_Exercise prompt_
Give back every line of the material exactly. Skip the pictures.

_Information shown_
########################################

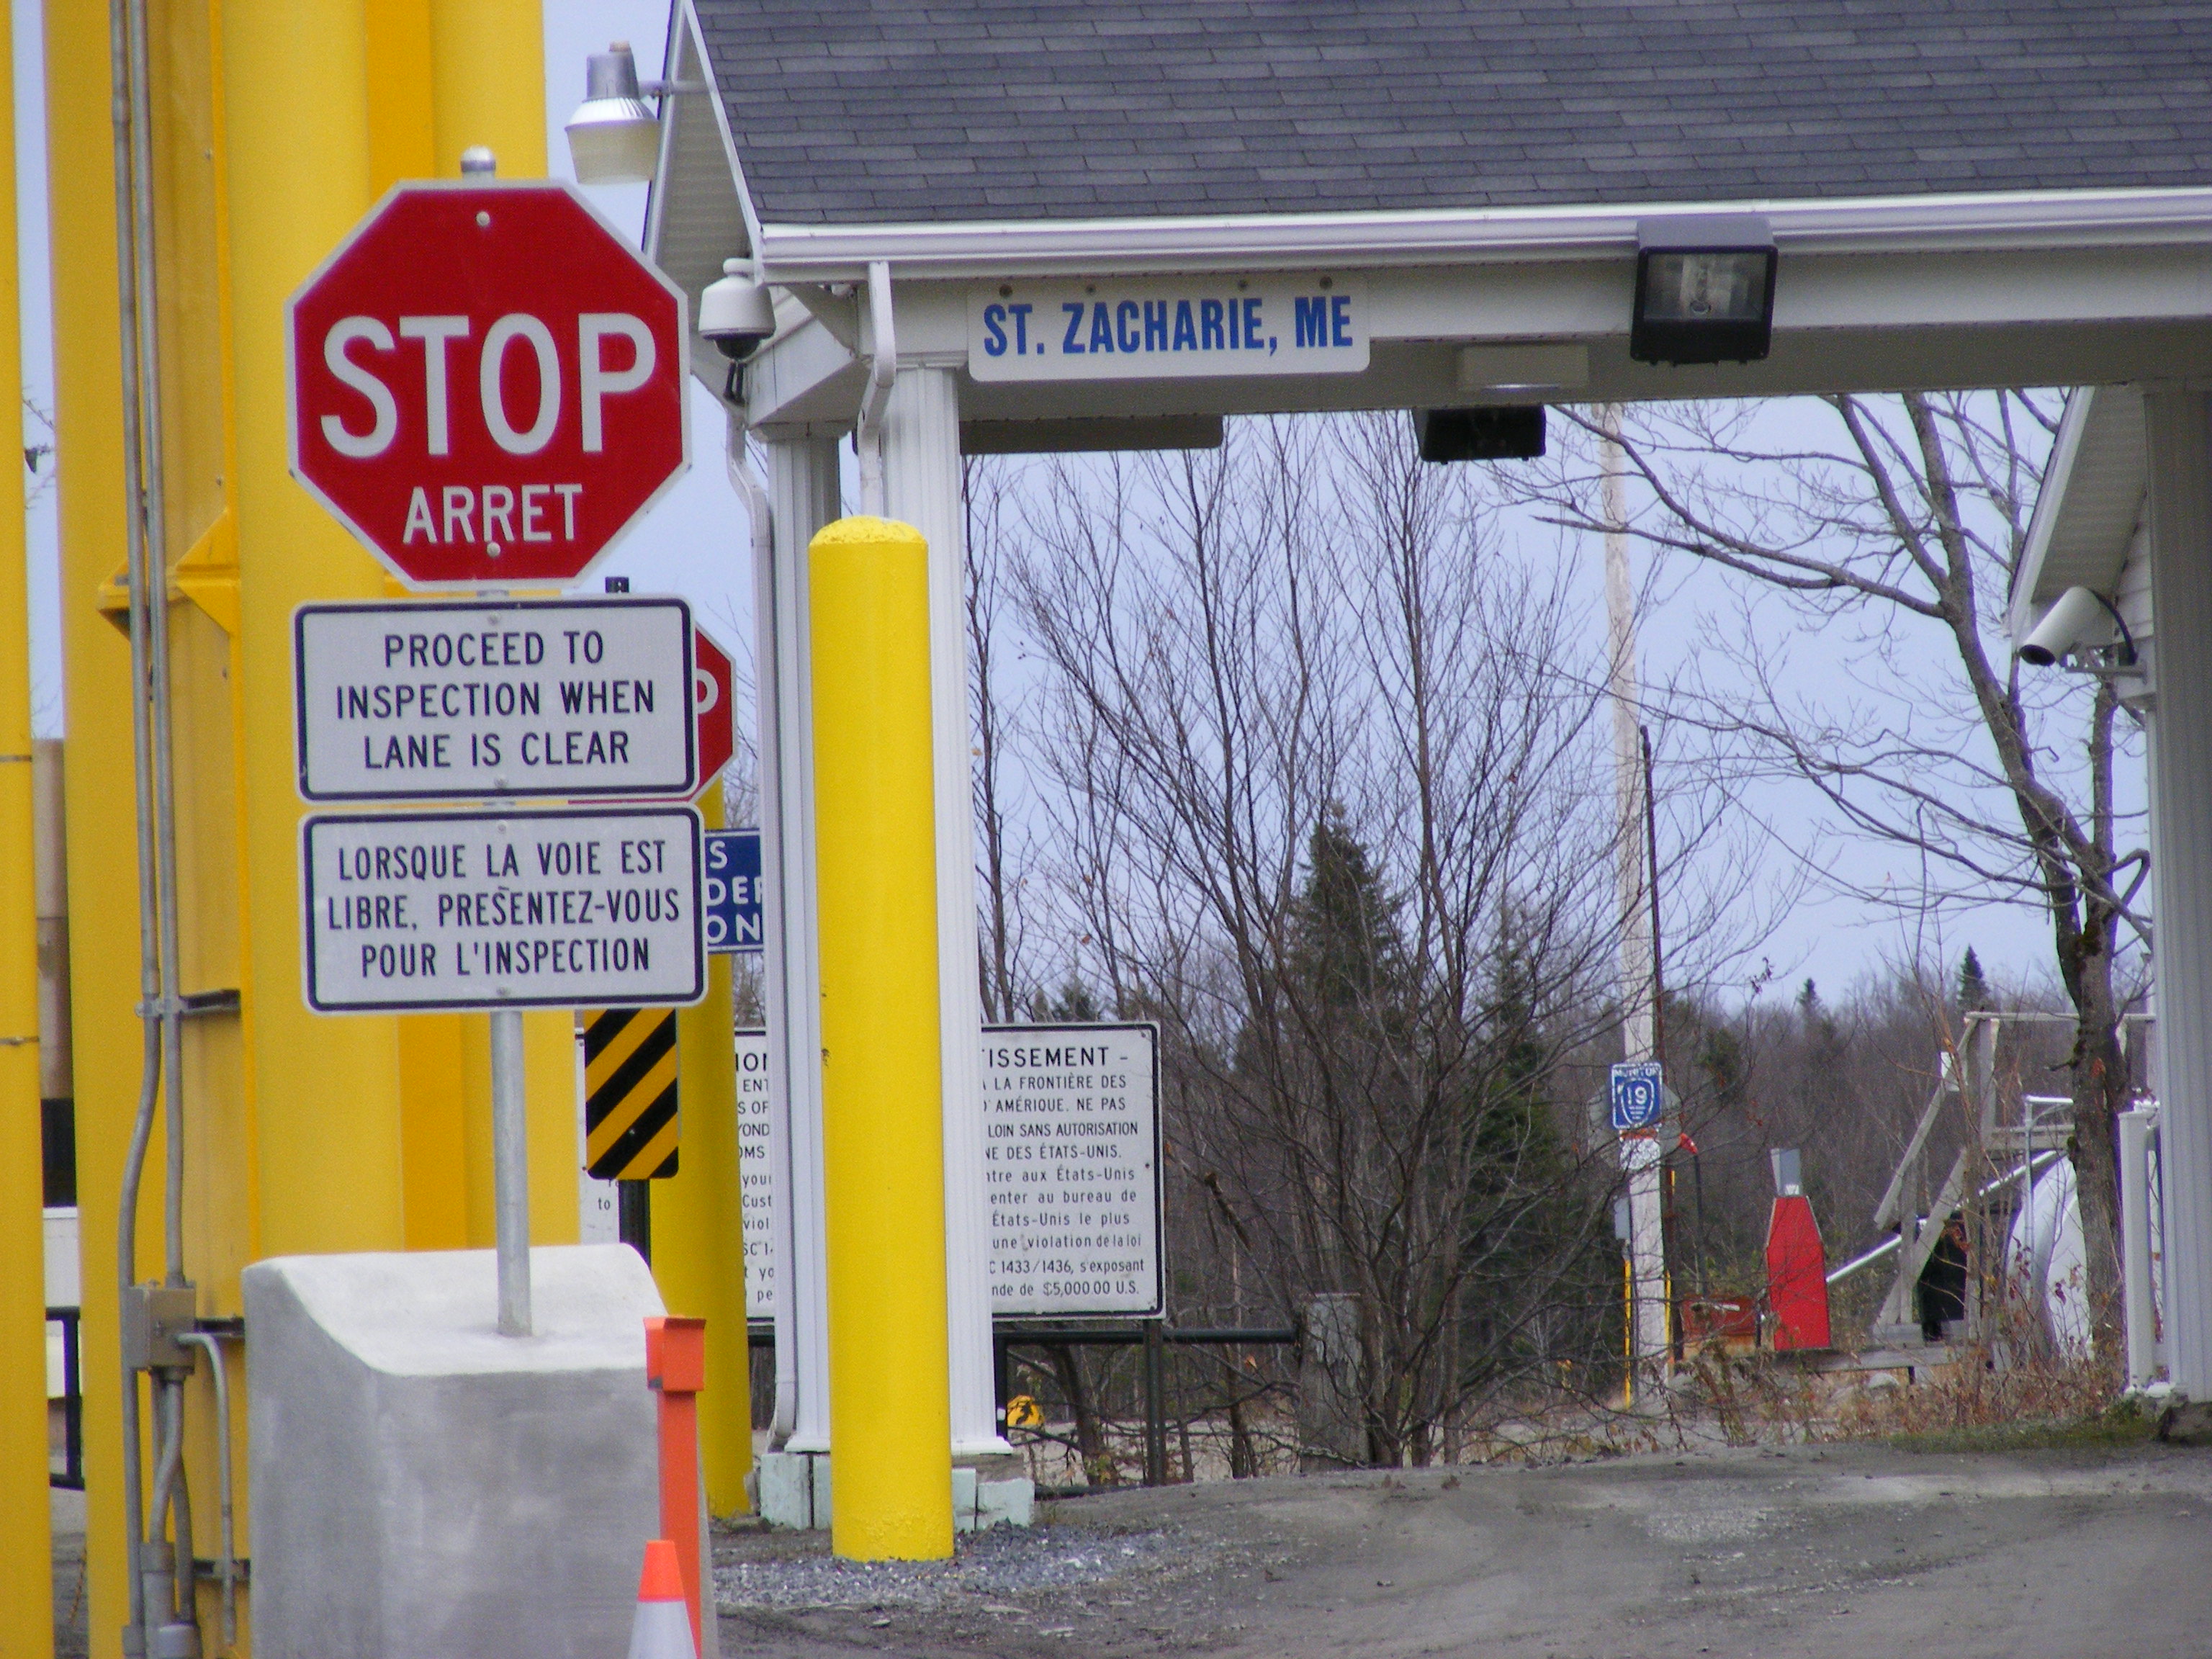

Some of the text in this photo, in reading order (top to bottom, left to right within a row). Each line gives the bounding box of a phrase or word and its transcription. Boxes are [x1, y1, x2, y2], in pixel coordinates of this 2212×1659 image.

[984, 295, 1353, 357] ST. ZACHARIE, ME
[320, 313, 656, 459] STOP
[403, 483, 583, 544] ARRET
[384, 630, 604, 668] PROCEED TO
[336, 679, 655, 720] INSPECTION WHEN
[364, 730, 629, 770] LANE IS CLEAR
[338, 840, 666, 881] LORSQUE LA VOIE EST
[328, 895, 418, 931] LIBRE,
[361, 937, 649, 979] POUR L'INSPECTION
[982, 1046, 1109, 1069] ISSEMENT
[994, 1076, 1012, 1091] LA
[1020, 1071, 1093, 1090] FRONTIÈRE
[1101, 1074, 1127, 1089] DES
[1076, 1097, 1093, 1112] NE
[1101, 1097, 1126, 1111] PAS
[1627, 1086, 1647, 1105] 19
[988, 1120, 1138, 1138] LOIN SANS AUTORISATION
[1007, 1146, 1032, 1160] DES
[1040, 1142, 1122, 1159] ÉTATS-UNIS.
[1022, 1170, 1047, 1182] aux
[1056, 1164, 1135, 1182] États-Unis
[1038, 1192, 1053, 1204] au
[1063, 1190, 1112, 1204] bureau
[1121, 1189, 1136, 1202] de
[992, 1210, 1130, 1228] États-Unis le plus
[992, 1237, 1017, 1250] une
[1028, 1233, 1092, 1249] violation
[1020, 1282, 1034, 1296] de
[1116, 1280, 1140, 1295] U.S.
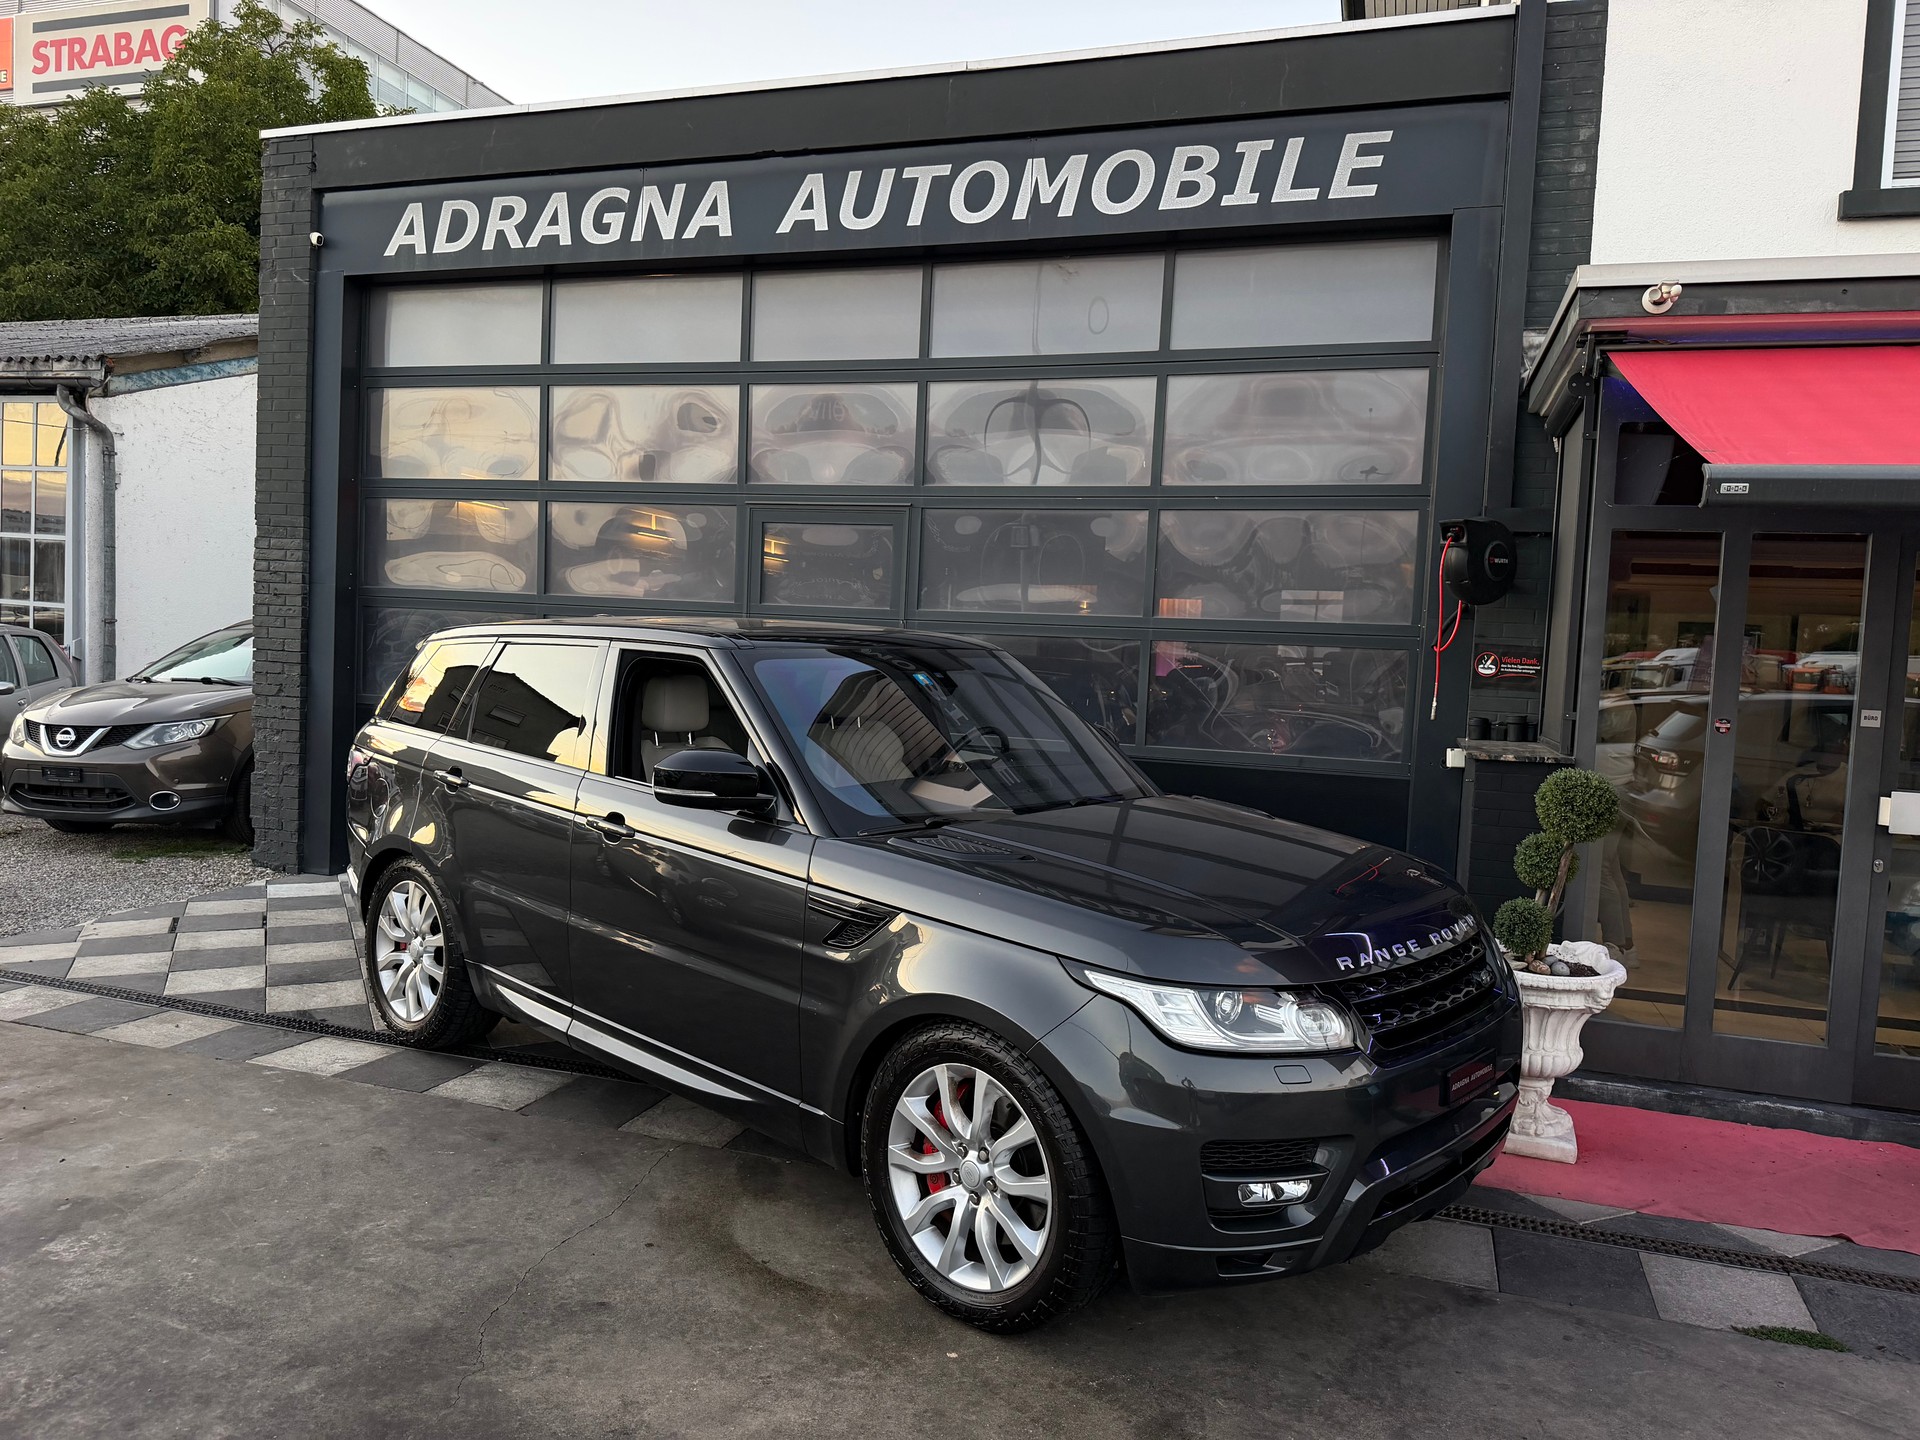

########################################

_Task result_
Some of the text in this photo, in reading order (top to bottom, left to right within a row). Each line gives the bounding box of a phrase or word and its transcription. Boxes are [x1, y1, x2, y2], in pixel coordinates of this 2212×1659 image.

[984, 295, 1353, 357] ST. ZACHARIE, ME
[320, 313, 656, 459] STOP
[403, 483, 583, 544] ARRET
[384, 630, 604, 668] PROCEED TO
[336, 679, 655, 720] INSPECTION WHEN
[364, 730, 629, 770] LANE IS CLEAR
[338, 840, 666, 881] LORSQUE LA VOIE EST
[328, 895, 418, 931] LIBRE,
[361, 937, 649, 979] POUR L'INSPECTION
[982, 1046, 1109, 1069] ISSEMENT
[994, 1076, 1012, 1091] LA
[1020, 1071, 1093, 1090] FRONTIÈRE
[1101, 1074, 1127, 1089] DES
[1076, 1097, 1093, 1112] NE
[1101, 1097, 1126, 1111] PAS
[1627, 1086, 1647, 1105] 19
[988, 1120, 1138, 1138] LOIN SANS AUTORISATION
[1007, 1146, 1032, 1160] DES
[1040, 1142, 1122, 1159] ÉTATS-UNIS.
[1022, 1170, 1047, 1182] aux
[1056, 1164, 1135, 1182] États-Unis
[1038, 1192, 1053, 1204] au
[1063, 1190, 1112, 1204] bureau
[1121, 1189, 1136, 1202] de
[992, 1210, 1130, 1228] États-Unis le plus
[992, 1237, 1017, 1250] une
[1028, 1233, 1092, 1249] violation
[1020, 1282, 1034, 1296] de
[1116, 1280, 1140, 1295] U.S.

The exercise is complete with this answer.